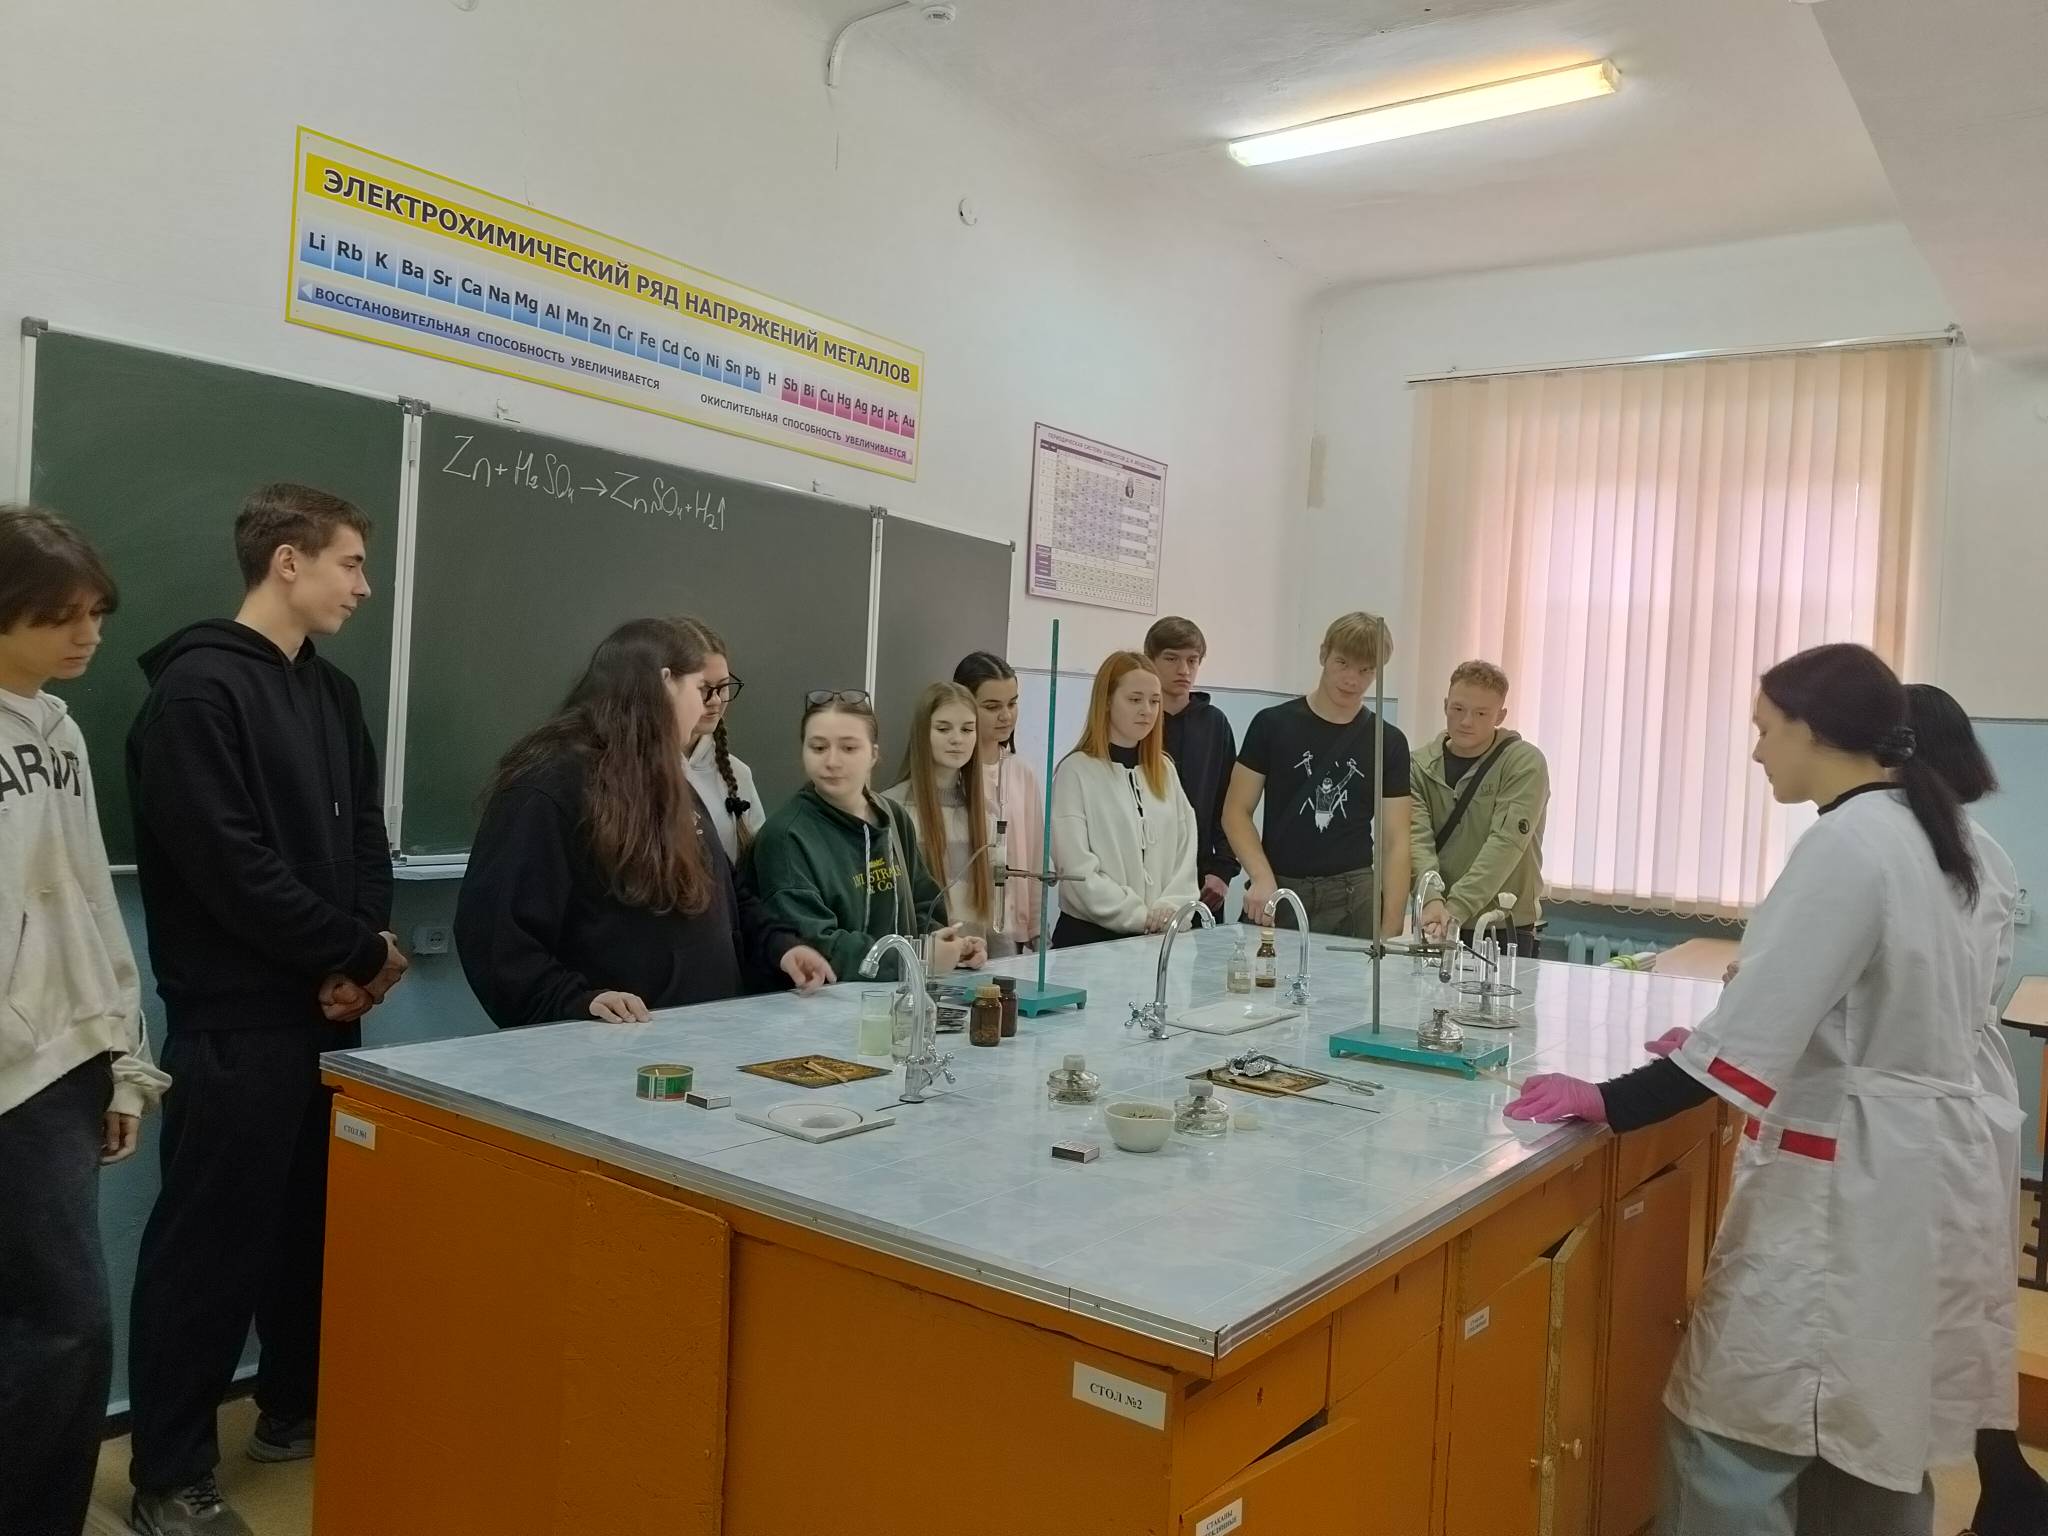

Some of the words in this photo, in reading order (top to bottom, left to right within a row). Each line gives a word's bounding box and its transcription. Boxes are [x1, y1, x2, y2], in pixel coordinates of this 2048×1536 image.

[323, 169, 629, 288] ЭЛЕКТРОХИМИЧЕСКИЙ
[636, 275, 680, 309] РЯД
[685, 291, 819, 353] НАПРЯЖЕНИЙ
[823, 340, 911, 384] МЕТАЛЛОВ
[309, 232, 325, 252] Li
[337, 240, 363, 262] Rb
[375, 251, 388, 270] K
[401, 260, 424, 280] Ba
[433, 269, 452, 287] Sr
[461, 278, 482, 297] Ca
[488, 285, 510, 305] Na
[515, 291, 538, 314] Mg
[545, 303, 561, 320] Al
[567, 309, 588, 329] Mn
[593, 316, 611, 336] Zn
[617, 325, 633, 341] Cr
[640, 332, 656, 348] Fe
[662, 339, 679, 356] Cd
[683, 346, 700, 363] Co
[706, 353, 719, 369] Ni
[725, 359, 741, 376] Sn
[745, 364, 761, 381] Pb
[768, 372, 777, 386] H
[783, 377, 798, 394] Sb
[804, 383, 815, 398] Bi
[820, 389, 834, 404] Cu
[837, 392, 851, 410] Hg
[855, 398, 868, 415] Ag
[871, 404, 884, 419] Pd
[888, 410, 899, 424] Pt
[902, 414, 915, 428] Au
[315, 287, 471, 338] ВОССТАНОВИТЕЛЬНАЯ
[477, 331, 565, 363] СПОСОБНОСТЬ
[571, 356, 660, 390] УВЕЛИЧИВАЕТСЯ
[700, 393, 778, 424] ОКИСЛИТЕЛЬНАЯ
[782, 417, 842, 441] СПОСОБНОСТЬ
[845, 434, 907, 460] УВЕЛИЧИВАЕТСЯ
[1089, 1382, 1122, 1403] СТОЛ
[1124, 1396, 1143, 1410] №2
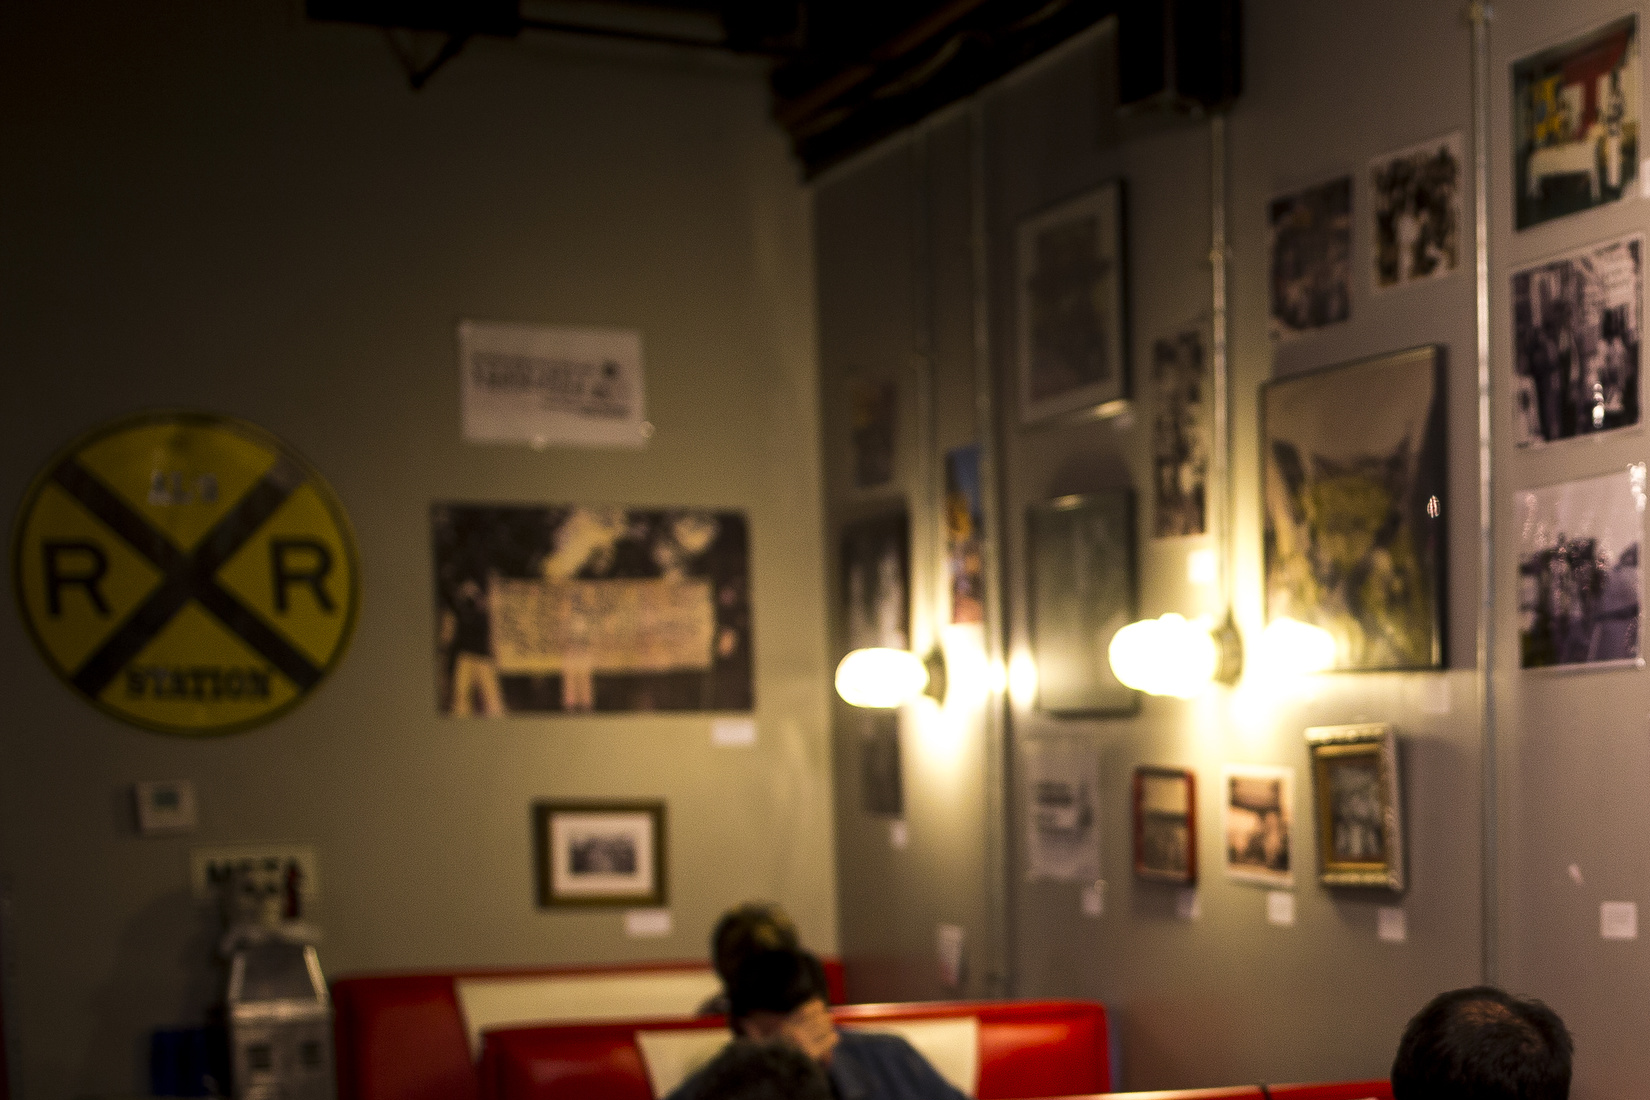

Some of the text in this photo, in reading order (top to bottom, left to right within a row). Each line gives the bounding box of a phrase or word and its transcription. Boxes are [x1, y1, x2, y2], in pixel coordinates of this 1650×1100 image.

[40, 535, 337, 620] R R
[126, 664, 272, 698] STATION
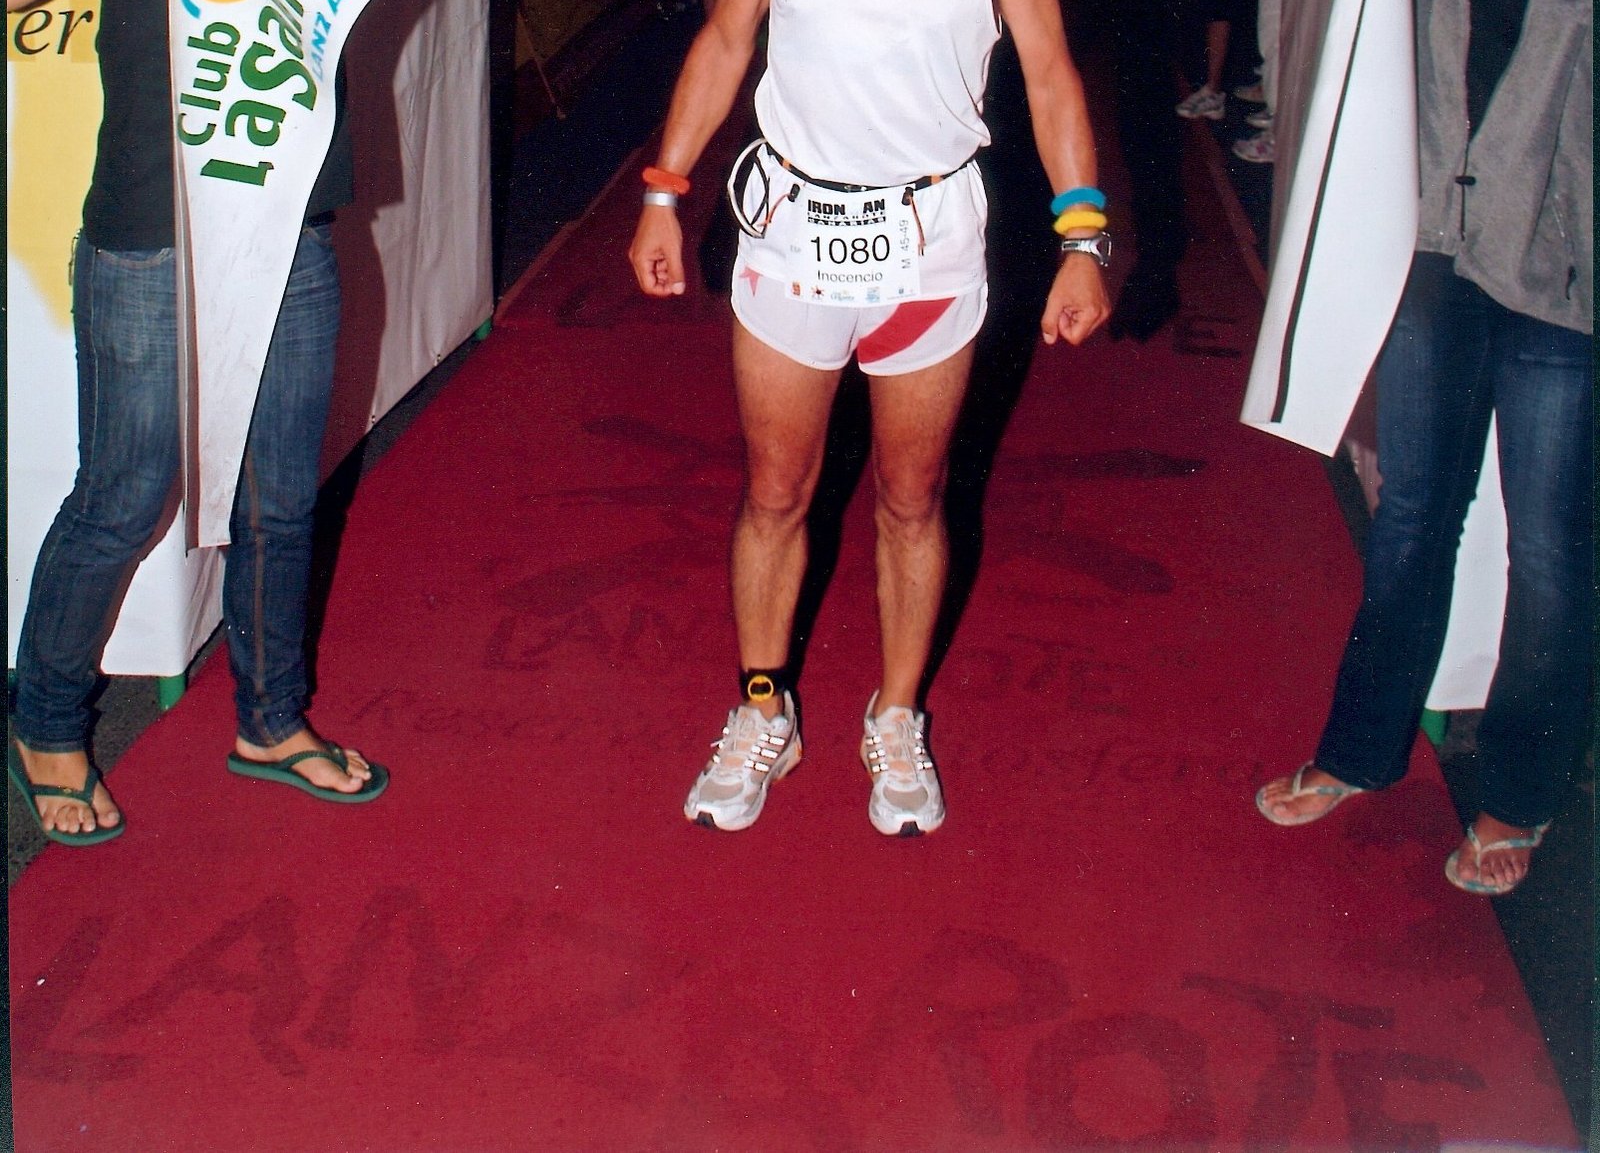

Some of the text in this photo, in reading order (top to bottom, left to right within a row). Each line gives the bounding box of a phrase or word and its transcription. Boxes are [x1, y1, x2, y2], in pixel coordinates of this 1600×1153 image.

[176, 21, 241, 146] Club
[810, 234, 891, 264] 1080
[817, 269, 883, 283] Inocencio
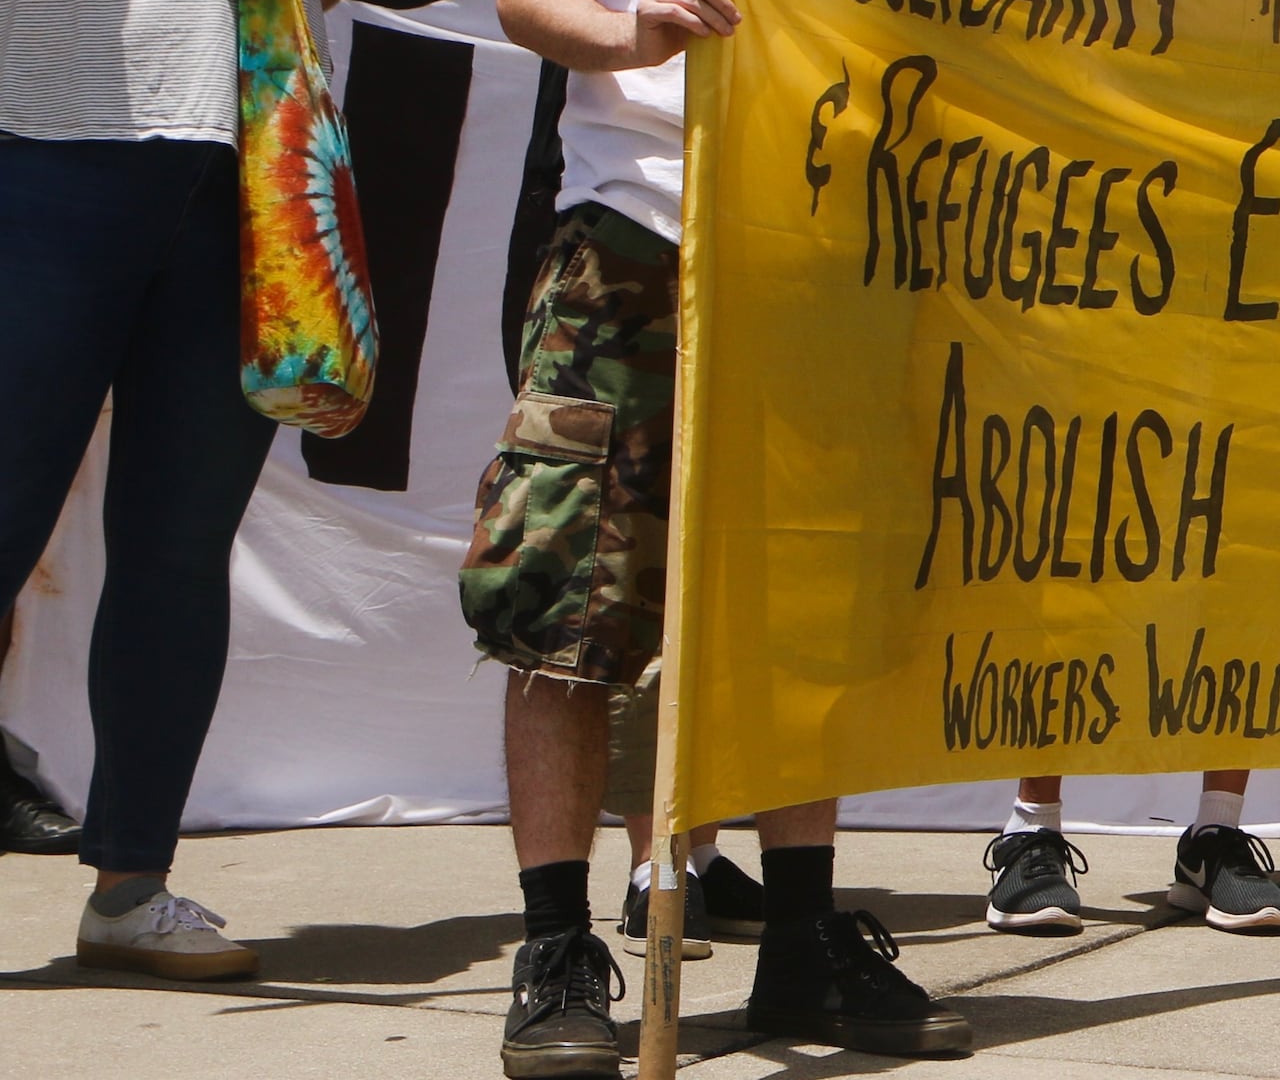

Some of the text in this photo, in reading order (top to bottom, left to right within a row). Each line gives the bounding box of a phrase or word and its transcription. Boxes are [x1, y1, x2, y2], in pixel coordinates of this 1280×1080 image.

* [Description of the task]
Your answer must be an exact repeat of all the records, minus the pictures.

* [Response to this exercise]
Some of the words in this photo, in reading order (top to bottom, left to right within a row). Each line gives a word's bounding box and its transcription. Boxes are [x1, y1, x2, y2], in pixel coordinates of this 2048×1536 image.

[323, 169, 629, 288] ЭЛЕКТРОХИМИЧЕСКИЙ
[636, 275, 680, 309] РЯД
[685, 291, 819, 353] НАПРЯЖЕНИЙ
[823, 340, 911, 384] МЕТАЛЛОВ
[309, 232, 325, 252] Li
[337, 240, 363, 262] Rb
[375, 251, 388, 270] K
[401, 260, 424, 280] Ba
[433, 269, 452, 287] Sr
[461, 278, 482, 297] Ca
[488, 285, 510, 305] Na
[515, 291, 538, 314] Mg
[545, 303, 561, 320] Al
[567, 309, 588, 329] Mn
[593, 316, 611, 336] Zn
[617, 325, 633, 341] Cr
[640, 332, 656, 348] Fe
[662, 339, 679, 356] Cd
[683, 346, 700, 363] Co
[706, 353, 719, 369] Ni
[725, 359, 741, 376] Sn
[745, 364, 761, 381] Pb
[768, 372, 777, 386] H
[783, 377, 798, 394] Sb
[804, 383, 815, 398] Bi
[820, 389, 834, 404] Cu
[837, 392, 851, 410] Hg
[855, 398, 868, 415] Ag
[871, 404, 884, 419] Pd
[888, 410, 899, 424] Pt
[902, 414, 915, 428] Au
[315, 287, 471, 338] ВОССТАНОВИТЕЛЬНАЯ
[477, 331, 565, 363] СПОСОБНОСТЬ
[571, 356, 660, 390] УВЕЛИЧИВАЕТСЯ
[700, 393, 778, 424] ОКИСЛИТЕЛЬНАЯ
[782, 417, 842, 441] СПОСОБНОСТЬ
[845, 434, 907, 460] УВЕЛИЧИВАЕТСЯ
[1089, 1382, 1122, 1403] СТОЛ
[1124, 1396, 1143, 1410] №2

Some of the text in this photo, in reading order (top to bottom, left to right within a row). Each line gives the bounding box of a phrase or word and its transcription. Boxes are [x1, y1, x2, y2], in pixel coordinates of this 1650×1100 image.

[40, 535, 337, 620] R R
[126, 664, 272, 698] STATION

Some of the text in this photo, in reading order (top to bottom, left to right within a row). Each line gives the bounding box of a phrase or word and its transcription. Boxes are [x1, y1, x2, y2], in pixel coordinates of this 1600×1153 image.

[176, 21, 241, 146] Club
[810, 234, 891, 264] 1080
[817, 269, 883, 283] Inocencio

Some of the text in this photo, in reading order (top to bottom, left to right within a row). Each line gives the bounding box of a phrase or word and its transcription. Boxes are [x1, y1, x2, y2], in pixel coordinates of this 1280×1080 image.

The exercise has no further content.